Food networks in developed economies have largely shifted to industrialized production of plants and animals as the primary means of feeding people. Yet wild foods obtained through foraging, fishing, and hunting have remained critical to both food networks and local economies in the United States (US) through intersecting pathways. Foraging and hunting remain essential sources of supplemental food, nutrition or income. They also play strong roles in cultural traditions, reinforcing place-based knowledge, and promoting physical and mental well-being for people across the socio-economic spectrum (Watson, Christian, Emery, Hurley, McLain and Wilmsen 2018). Activities including community oyster roasts and collecting wild mushrooms or ramps with family reinforce the social fabric while providing important opportunities for nature-connection and physical activity.

Wild foods have not received as much attention as other food movements— farm to table, locavore, slow foods—but this may be changing as people seek out non-industrial food, a trend tapped into by many chefs specializing in local foods. The 2018 James Beard Award for American cookbook was awarded to The Sioux Chef's Indigenous Kitchen (Sherman and Dooley 2017) which promotes the traditional Native American foods before European colonization and updates recipes to modern cooking methods. Another 2018 James Beard Award went to The Cooking Gene: A Journey Through African American Culinary History in the Old South (Twitty 2017) (see review by Passidomo, this issue). Michael Twitty documents his culinary journey as he explored his roots as a descendant predominantly of enslaved African Americans but also White slave-owners. Both award-winning authors recognize that wild foods no longer constitute a primary food source, but each seeks to reconnect with wild foods to reclaim cultural knowledge.

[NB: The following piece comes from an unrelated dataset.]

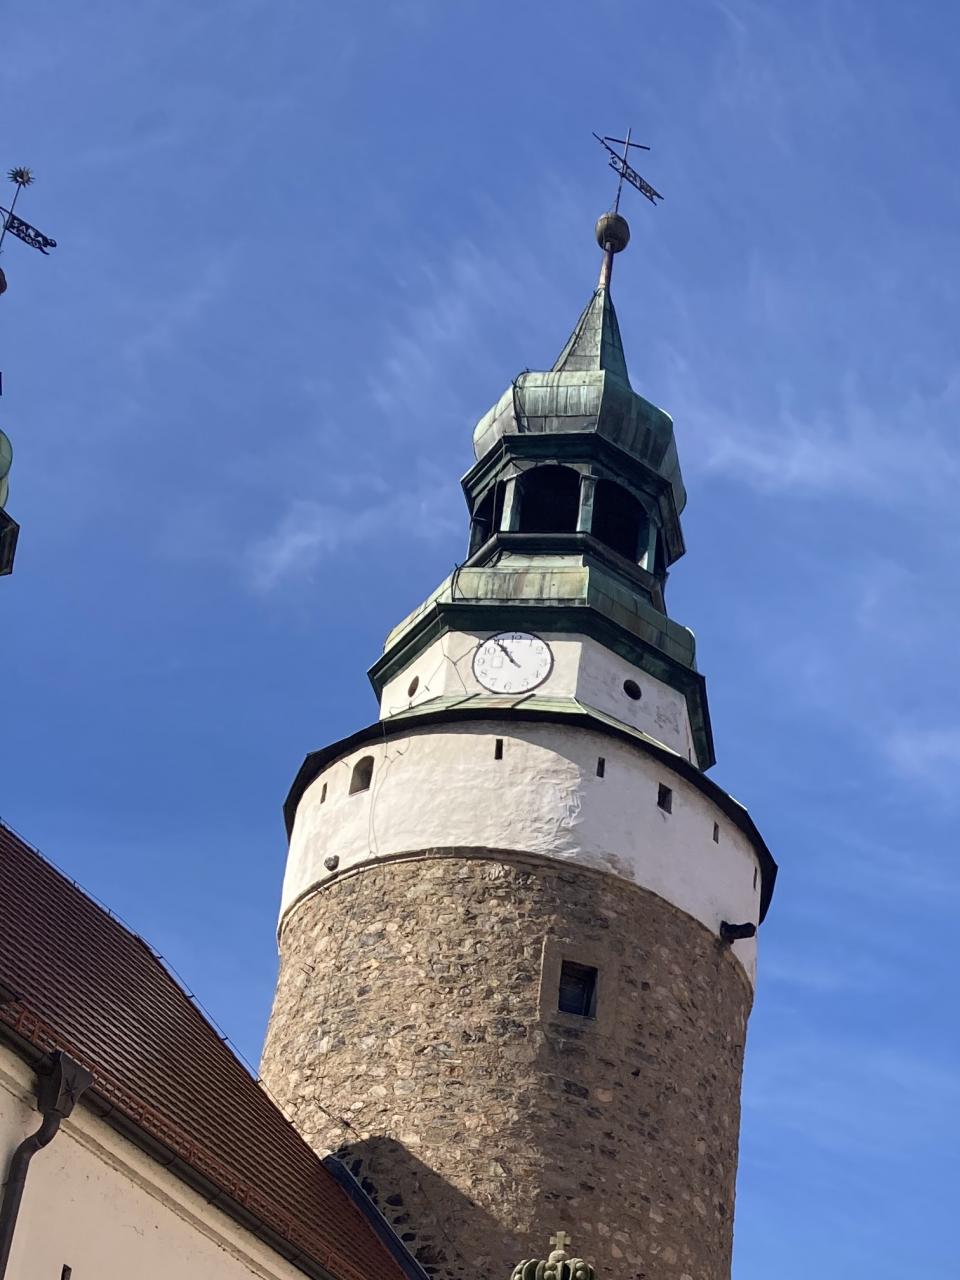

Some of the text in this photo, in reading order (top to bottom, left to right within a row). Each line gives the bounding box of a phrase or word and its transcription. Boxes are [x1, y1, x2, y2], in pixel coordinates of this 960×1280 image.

In developed countries, members of the wealthier classes may dine in restaurants serving wild foraged delicacies (e.g. European truffles or ramps) or engage in trophy game hunting that transforms the procurement of meat as sustenance to hunting as sport—a sport in which some hunters know only the enjoyment of marksmanship rather than of culinary consumption. The engagement of wealthier people with wild foods may disconnect knowledge of how to procure from the wild, since money can buy access and the local knowledge of others (e.g. fishing charters, guided trophy hunts, private lands which may be fenced). [End Page 6]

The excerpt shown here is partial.